Problem requirements: Using the material below, repeat exactly the lines from the one with "this 1600×1067 image." through the one with "this 1200×1600 image.", ends included, without any images.

Dataset records:
########
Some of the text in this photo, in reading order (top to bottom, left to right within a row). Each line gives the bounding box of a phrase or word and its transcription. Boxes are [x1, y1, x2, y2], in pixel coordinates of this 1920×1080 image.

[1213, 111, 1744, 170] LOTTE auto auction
########
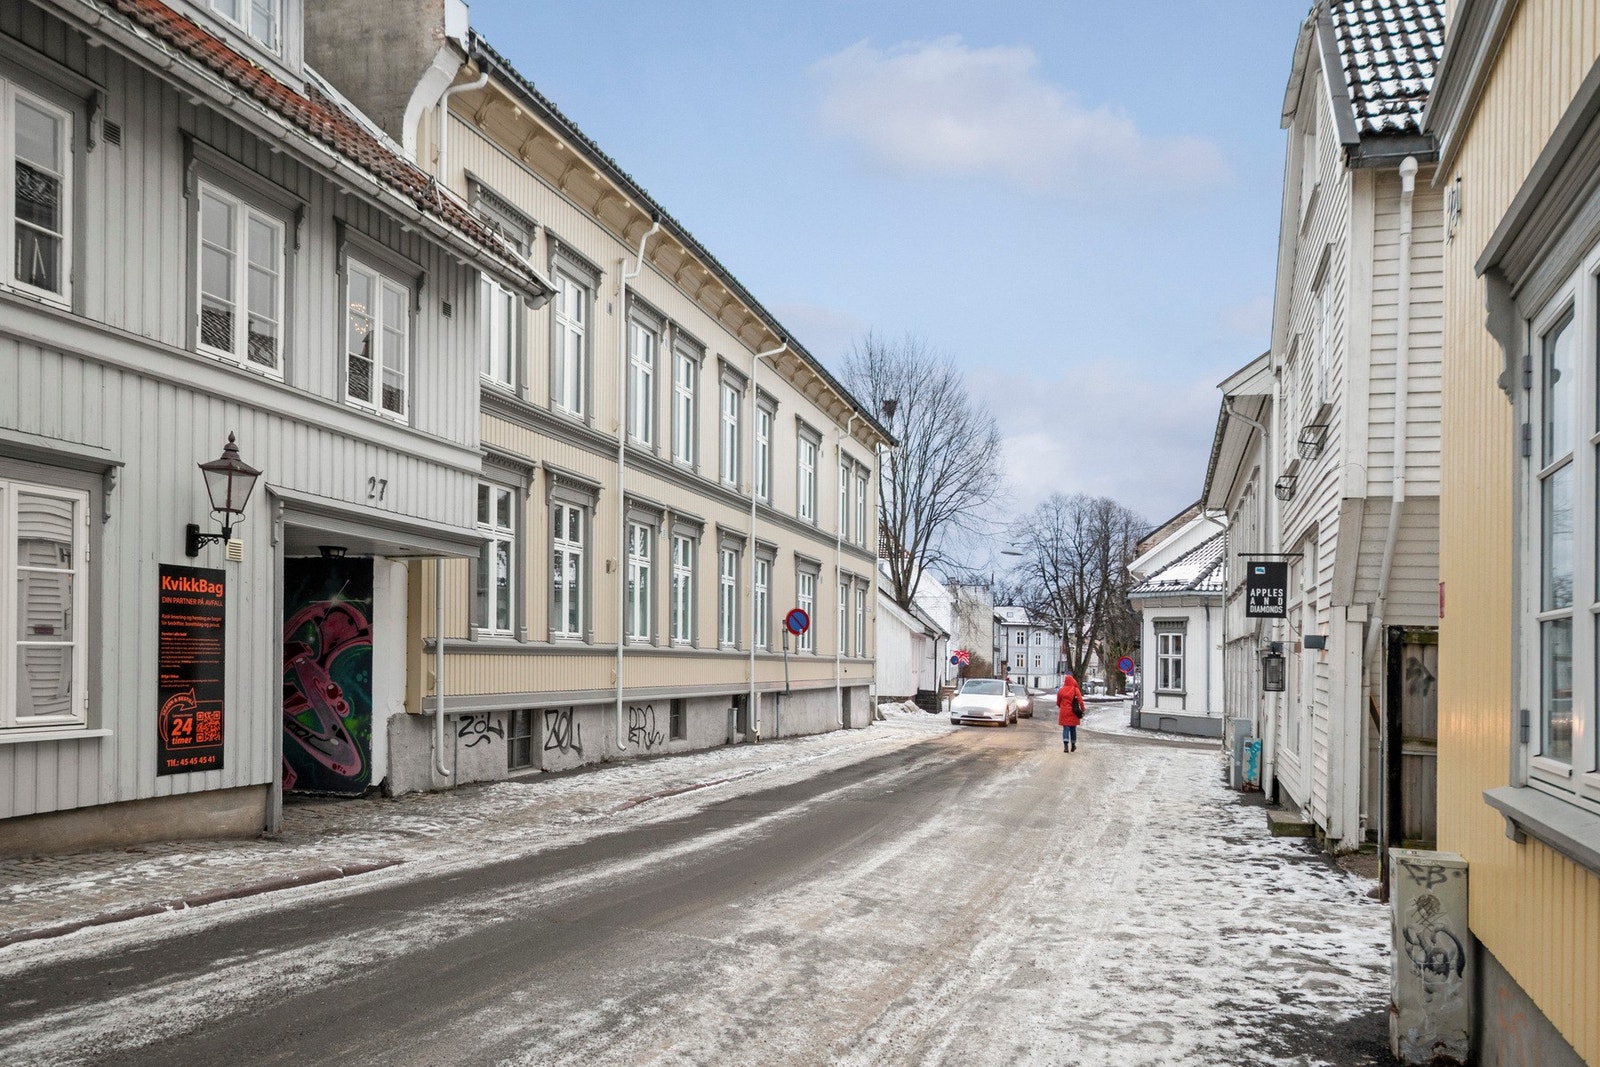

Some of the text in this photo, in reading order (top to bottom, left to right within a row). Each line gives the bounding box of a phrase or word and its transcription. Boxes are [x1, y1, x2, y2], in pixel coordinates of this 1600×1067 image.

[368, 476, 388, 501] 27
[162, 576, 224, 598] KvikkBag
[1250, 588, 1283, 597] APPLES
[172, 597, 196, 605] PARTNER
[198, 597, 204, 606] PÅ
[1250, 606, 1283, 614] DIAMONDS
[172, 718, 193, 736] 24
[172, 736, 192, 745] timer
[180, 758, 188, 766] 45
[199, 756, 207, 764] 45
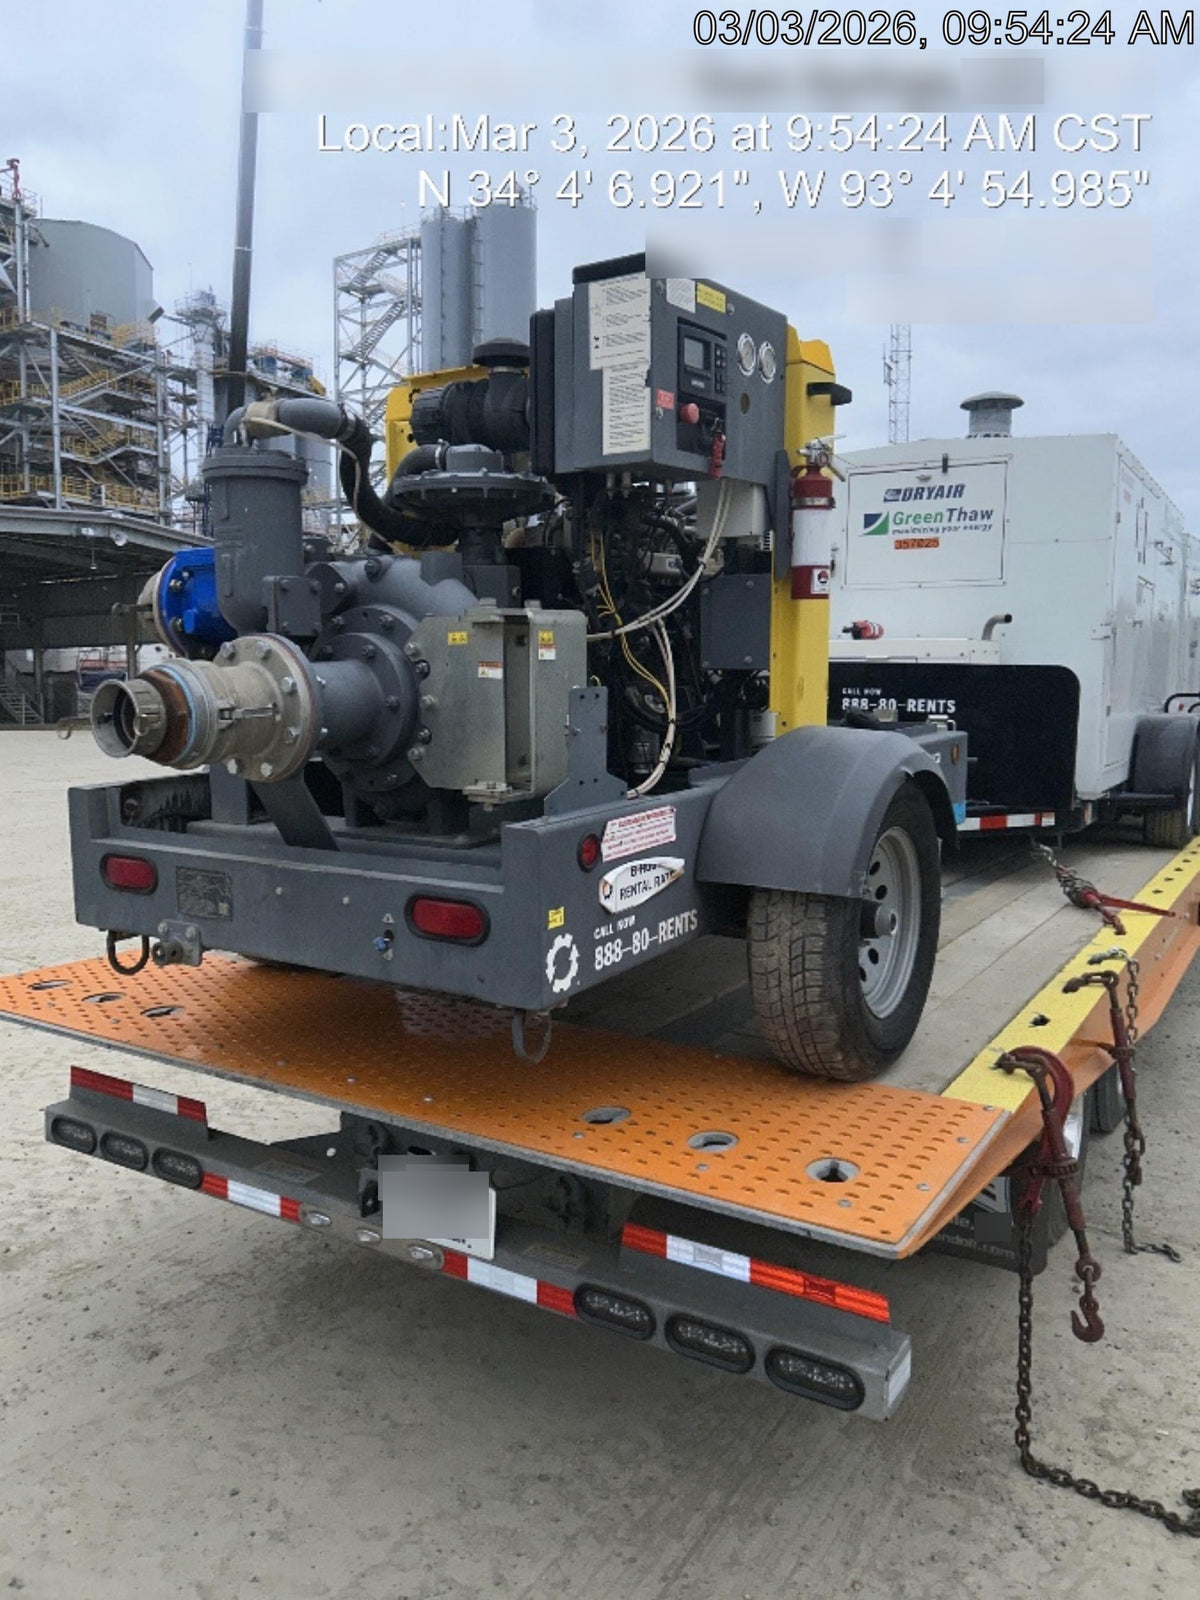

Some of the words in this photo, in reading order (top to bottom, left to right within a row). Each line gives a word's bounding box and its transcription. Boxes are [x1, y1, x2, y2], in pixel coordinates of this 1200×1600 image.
########
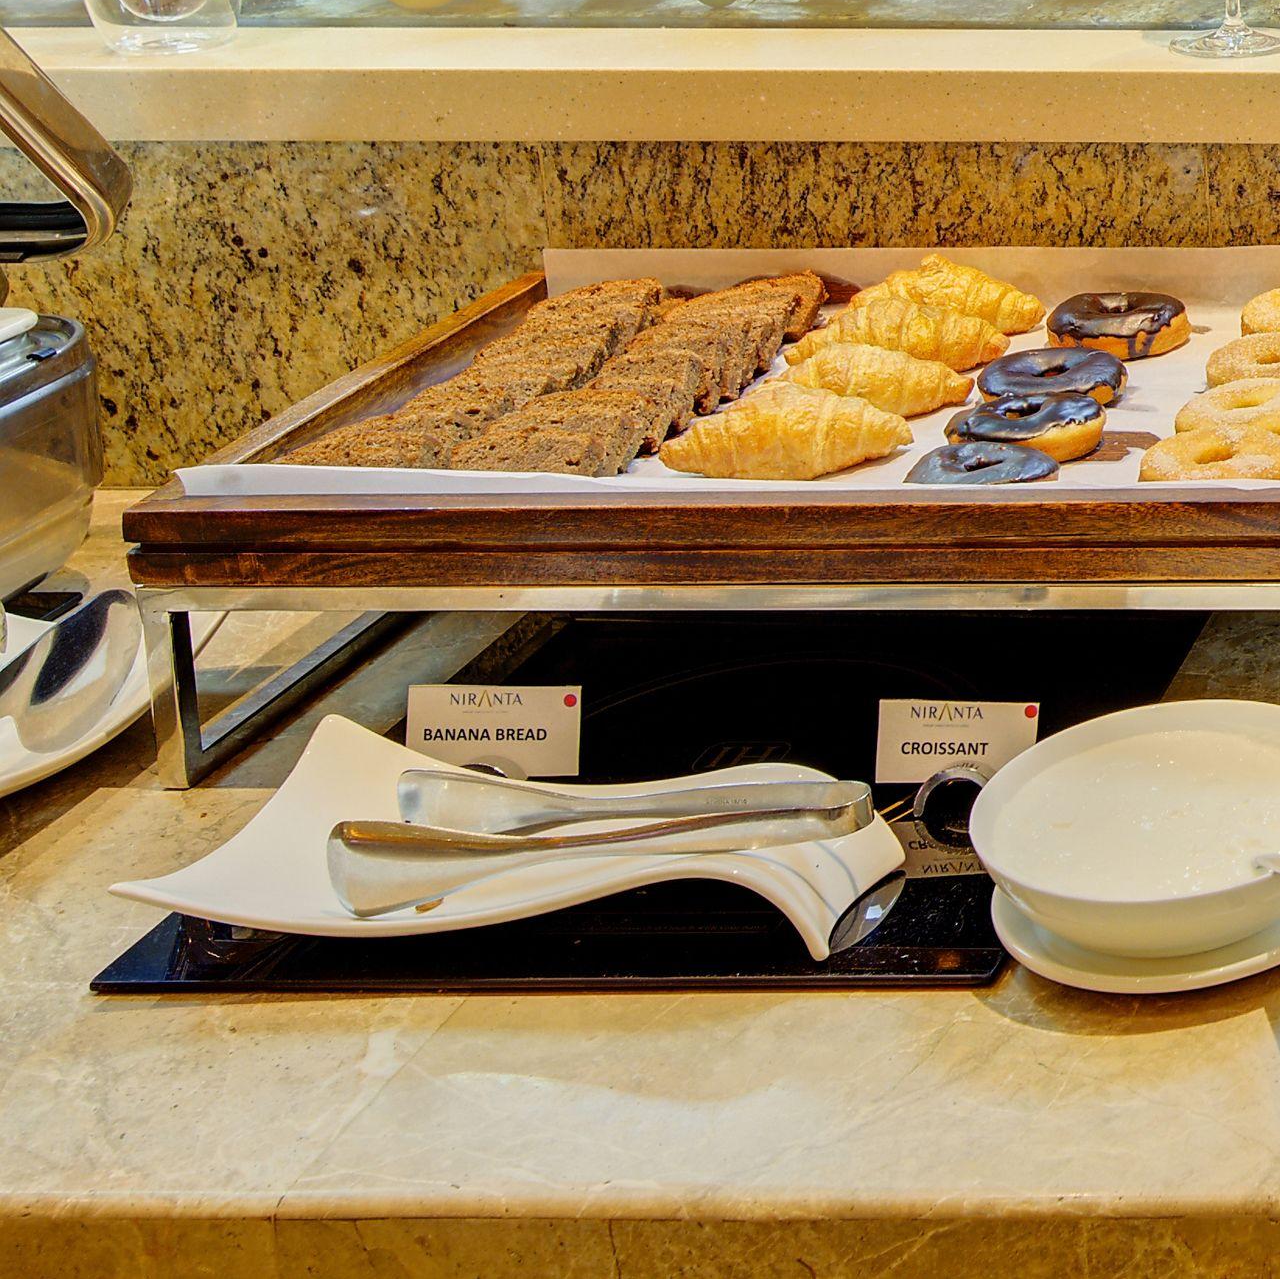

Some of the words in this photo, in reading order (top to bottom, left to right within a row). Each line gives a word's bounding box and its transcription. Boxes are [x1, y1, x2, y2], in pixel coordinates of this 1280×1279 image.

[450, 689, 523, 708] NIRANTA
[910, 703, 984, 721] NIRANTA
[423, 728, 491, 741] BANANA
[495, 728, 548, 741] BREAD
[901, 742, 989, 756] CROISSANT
########
Answer space:
Some of the text in this photo, in reading order (top to bottom, left to right within a row). Each line gives the bounding box of a phrase or word and its transcription. Boxes are [x1, y1, x2, y2], in pixel coordinates of this 1600×1067 image.

[368, 476, 388, 501] 27
[162, 576, 224, 598] KvikkBag
[1250, 588, 1283, 597] APPLES
[172, 597, 196, 605] PARTNER
[198, 597, 204, 606] PÅ
[1250, 606, 1283, 614] DIAMONDS
[172, 718, 193, 736] 24
[172, 736, 192, 745] timer
[180, 758, 188, 766] 45
[199, 756, 207, 764] 45

Some of the words in this photo, in reading order (top to bottom, left to right within a row). Each line gives a word's bounding box and its transcription. Boxes are [x1, y1, x2, y2], in pixel coordinates of this 1200×1600 image.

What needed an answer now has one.